CARPENTER: I have been trying to do that for years. Nobody gets it. That is something that an acquaintance of mine wrote. It's a great idea, it's just not ready to be a movie yet. It's going to be a graphic novel we're drawing pictures of it. It's just not ready to go. They won't make it. Nobody knows who Lovecraft is. The general public doesn't know and they probably won't get why he's scared. It's a made-up story about Lovecraft where everything he wrote about was real. That's what it's about.
CINESCAPE: Are there other projects offered to you by studios or do you just do your own stuff?
CARPENTER: I've read some stuff. Some of it is oddball. Some of the stuff I wouldn't do. The most recent project that was pitched by somebody was a zombie western type situation where confederate soldiers are brought back to life. It could be great, I don't know. I haven't seen the final script yet.
CINESCAPE: Did it help when BIG TROUBLE came out on DVD? Did they studios say, "Hmmm, lets give John a big comedy action film?"
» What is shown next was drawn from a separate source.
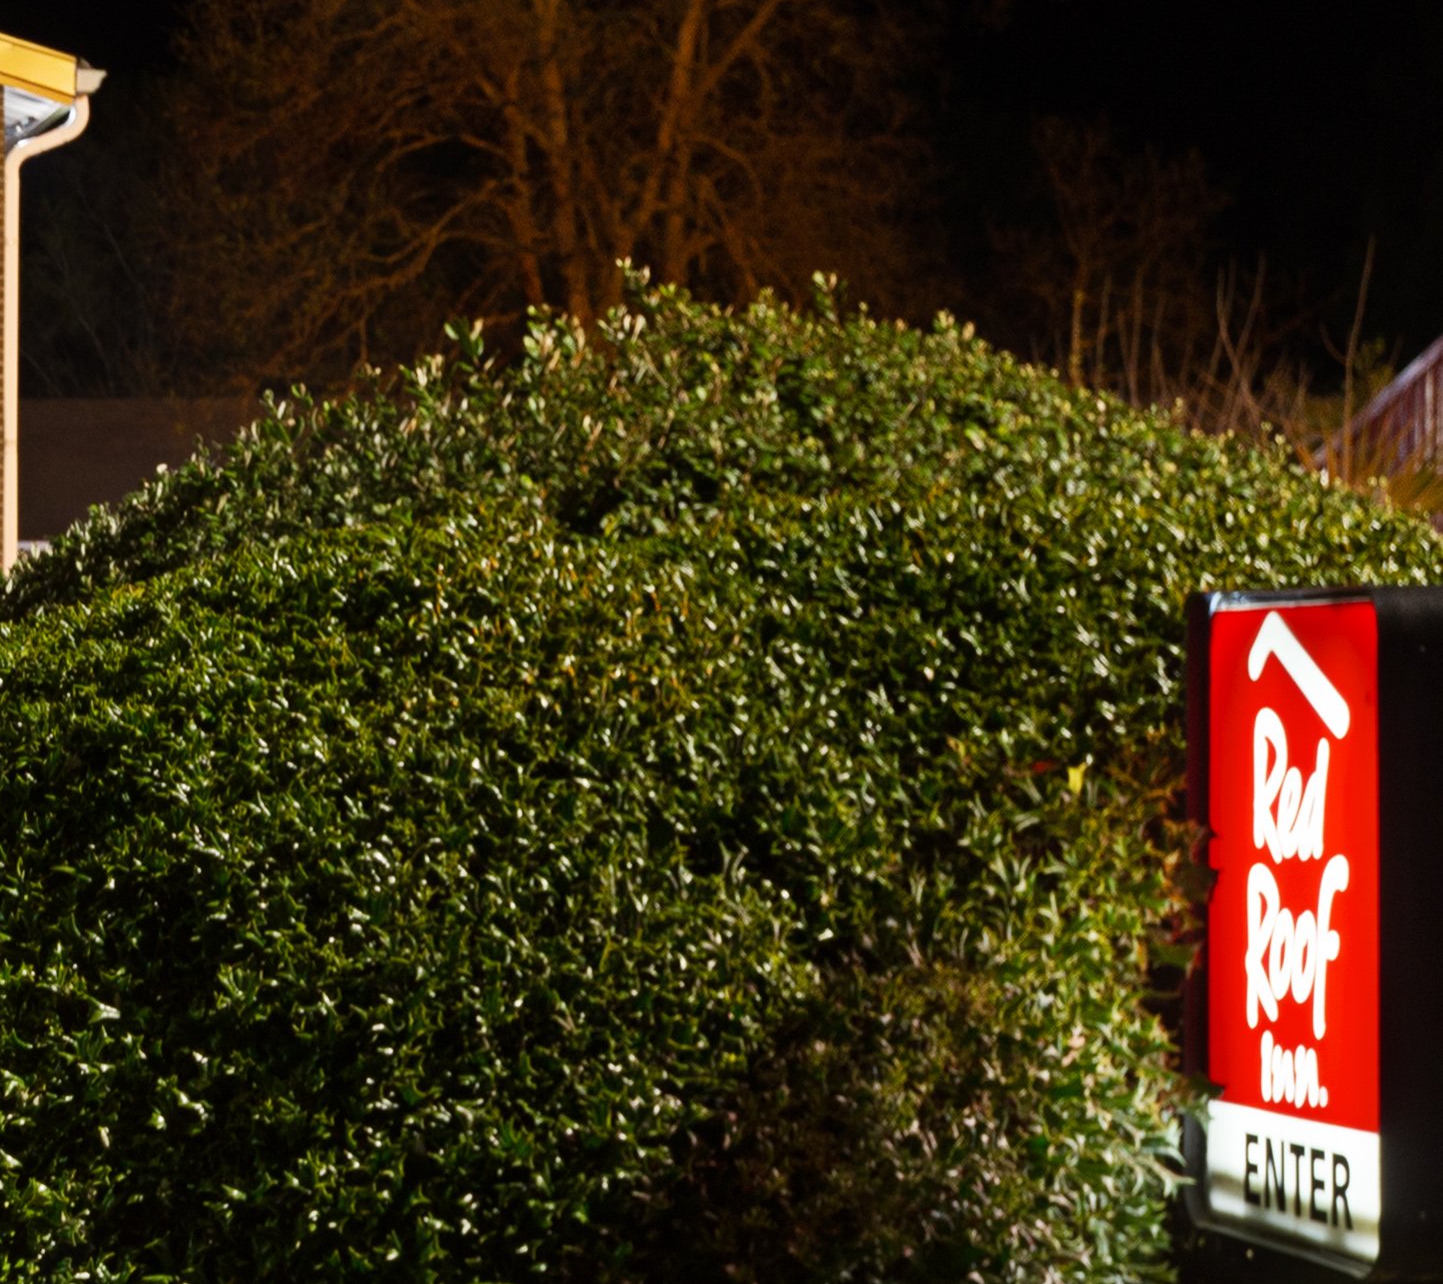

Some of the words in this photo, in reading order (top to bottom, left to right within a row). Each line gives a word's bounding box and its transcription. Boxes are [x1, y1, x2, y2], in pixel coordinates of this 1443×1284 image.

[1252, 707, 1330, 864] Red
[1245, 854, 1350, 1040] Roof
[1243, 1133, 1354, 1232] ENTER
CARPENTER: No, they don't think of me that way. First of all, studios aren't offering scripts anymore. They don't do that. You walk in with it. You walk in with a star and a budget and a screenplay and they decide to say yes or no. That dynamic has changed, although they do sometimes nurture a script along through regimes and then try and get a director. Sometimes, but everybody assumes I am going to do my own stuff.
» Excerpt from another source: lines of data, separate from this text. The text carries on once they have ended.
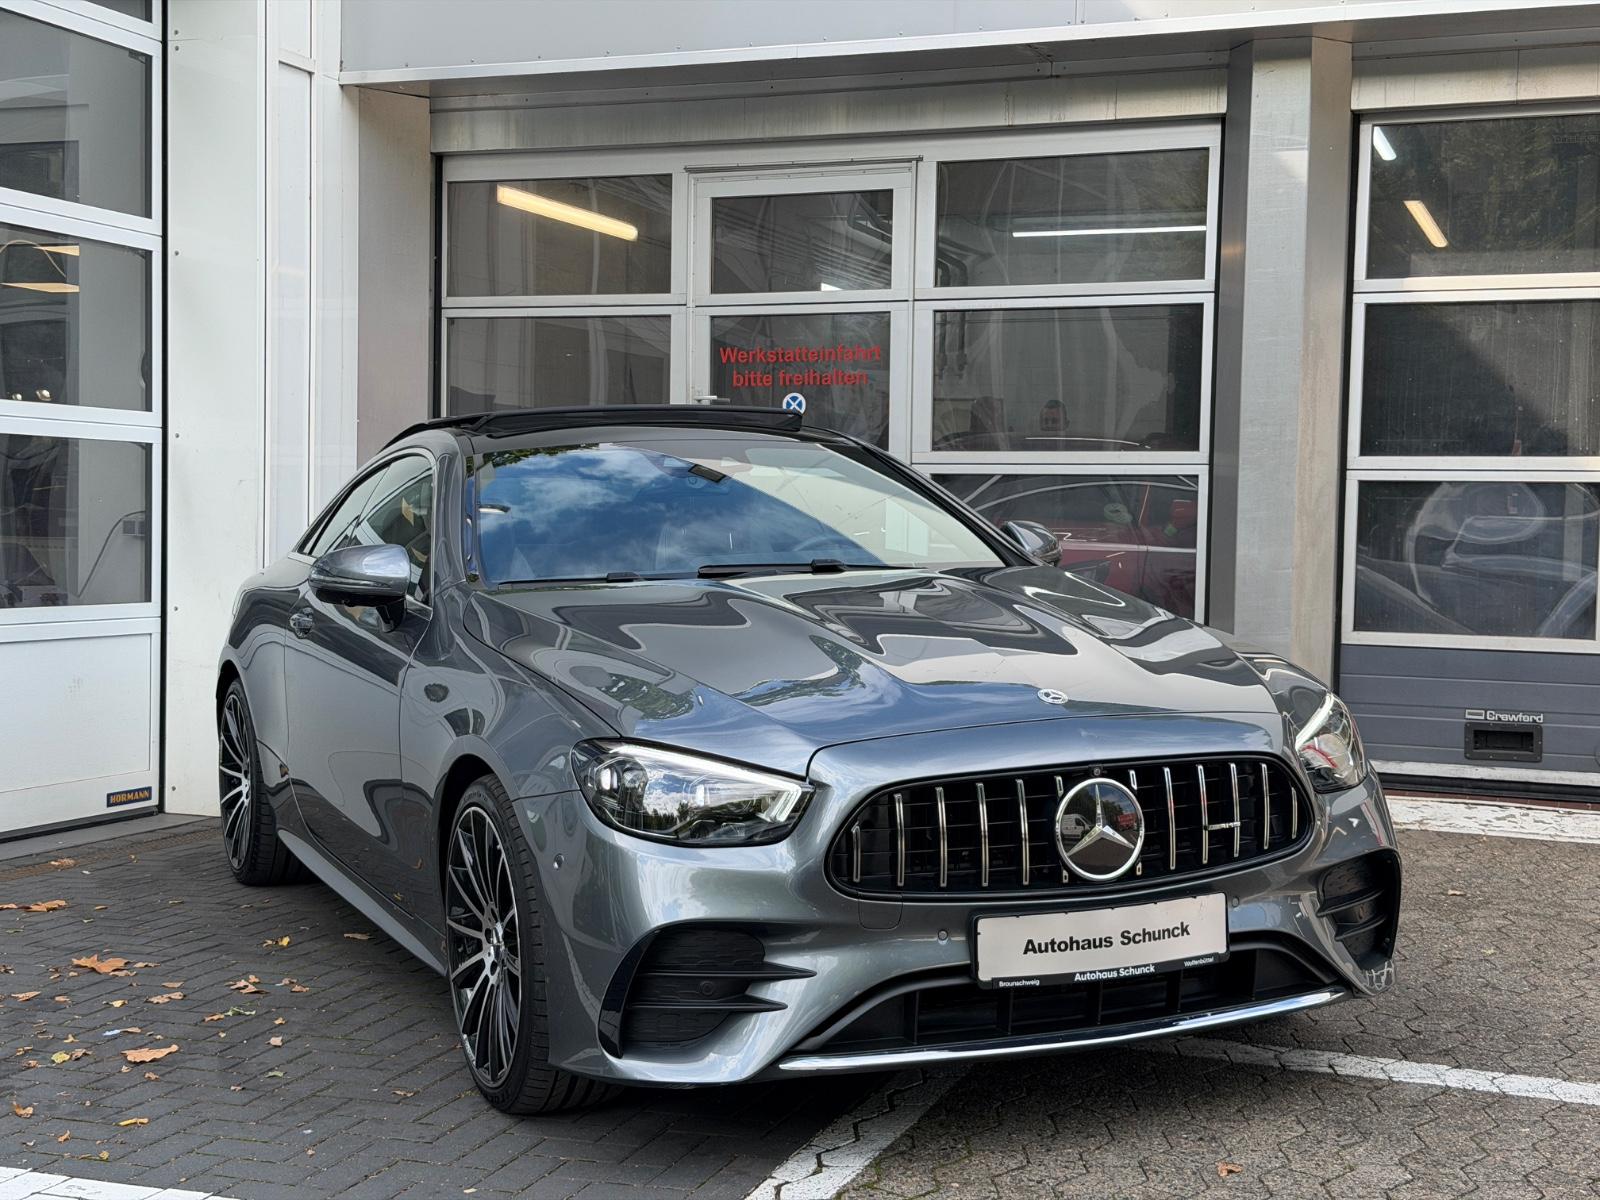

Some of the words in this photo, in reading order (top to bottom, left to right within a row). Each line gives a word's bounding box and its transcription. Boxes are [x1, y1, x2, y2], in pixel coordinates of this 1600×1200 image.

[719, 344, 881, 364] Werkstatteinfahrt
[732, 368, 773, 387] bitte
[778, 367, 868, 386] freihalten
[1486, 710, 1544, 723] Crawford
[1023, 936, 1114, 955] Autohaus
[1120, 921, 1191, 946] Schunck
[1074, 970, 1118, 982] Autohaus
[1119, 962, 1156, 977] Schunck
[998, 979, 1040, 988] Braunschweig
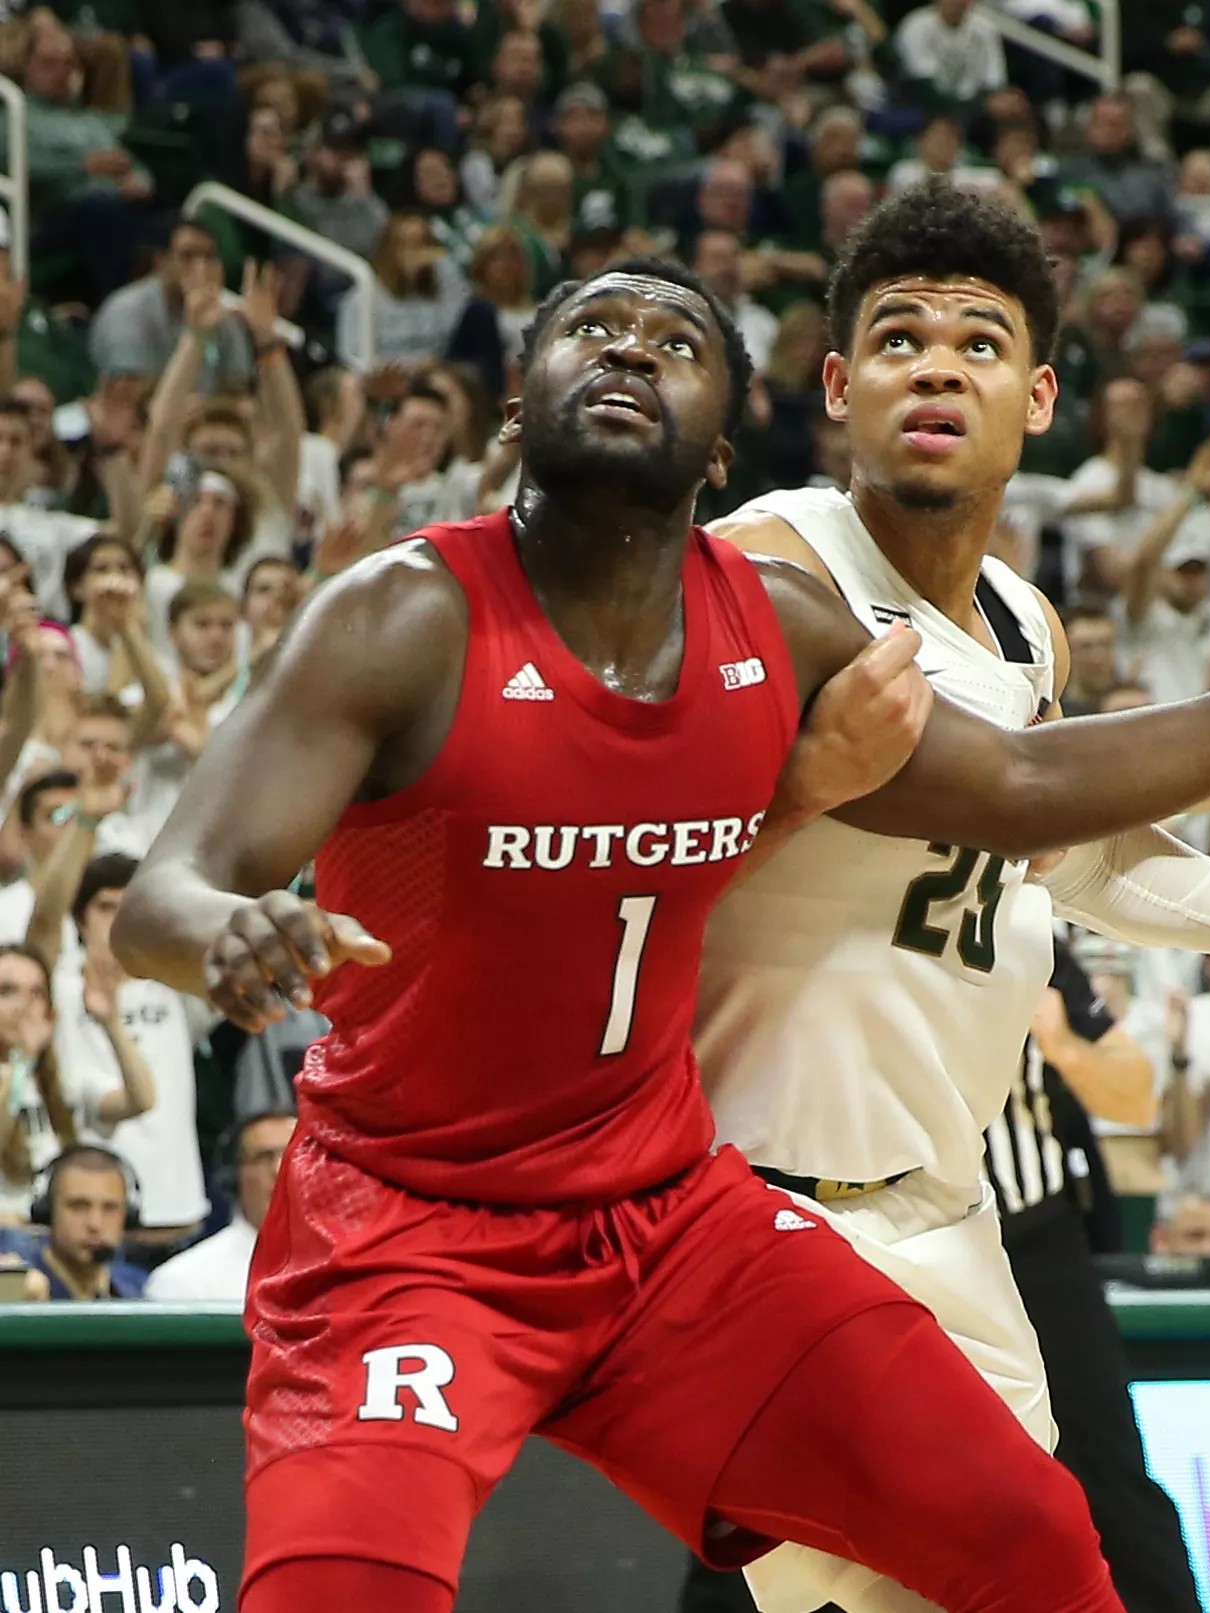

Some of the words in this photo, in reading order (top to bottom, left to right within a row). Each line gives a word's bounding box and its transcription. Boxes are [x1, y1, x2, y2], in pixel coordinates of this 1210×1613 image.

[501, 687, 554, 700] adidas
[600, 896, 656, 1055] 1
[357, 1343, 460, 1433] R
CINESCAPE: That's a good place to be.
Ice Cube, Jason Statham and Clea Duvall battle evil Martian ghosts in john Carpenter's GHOSTS OF MARS
© 2001 Screen Gems
CARPENTER: It's all right with me. I don't mind. Do you hear me complaining? I am not complaining. I have no complaints.
CINESCAPE: So you have nothing else in the works?
CARPENTER: I am toying with an idea that I'd like to do. When you get to be my age, you have to slow down just a little bit. It's always harder when you are older ... everything is harder.
CINESCAPE: How old are you now?
CARPENTER: 53. That's a hard living 53, which doesn't help. Working as hard as I do, the stress doesn't help and neither do cigarettes. It doesn't make you refreshed all the time. You have to take more time off. My parents are still alive, but they are climbing in their '80s. It's not fun. Real life comes and stops you from doing certain things and you become aware of yourself a little more and you say, "I've got to slow down a little. I can't do it like I used to."
CINESCAPE: What's the status of your new company Storm King?
CARPENTER: We haven't really developed anything. I've never had too much success with that. I only want to work really hard if it's mine. Plus, I have this ethic about whoever is directing, it's his movie; it's not my movie. I don't want to get involved in that. I don't want to tell someone what to do. I had to once on HALLOWEEN 2 and I had to because Dino was saying, "Fix this." It was not fun. I didn't like it. I didn't like doing that. I don't like being that kind of producer. It's not my movie. If I am directing it is mine, then I'll do it, but I don't want to do it for someone else. I'm not good at it. A lot of scripts that I read might be good ideas but it's about, "Can I do this?"
CINESCAPE: How do you think you have changed as a director?
CARPENTER: I am a veteran on the sets now, so things don't throw me like they used to. When you are young, you are all scared. Mostly it's with actors. Young directors are frightened of actors. They don't know what to say to them. They don't understand them. Now it's just a lot easier in that sense, but it's more difficult because when you get older it's harder to withstand the stress both the emotional and physical stress of it because you work like a coalminer. You get up and you slog, slog and slog.
CINESCAPE: What do you still love about it?
CARPENTER: They're movies.
CINESCAPE: Reflecting back on your career, what is the greatest thing you've ever done?
CARPENTER: The greatest thing is that I've survived and had a career in this business. As many people that I know, friends of mine, people who I admired are gone. They have disappeared. Some really talented folks who never got a chance to keep going. It's weird. It's life.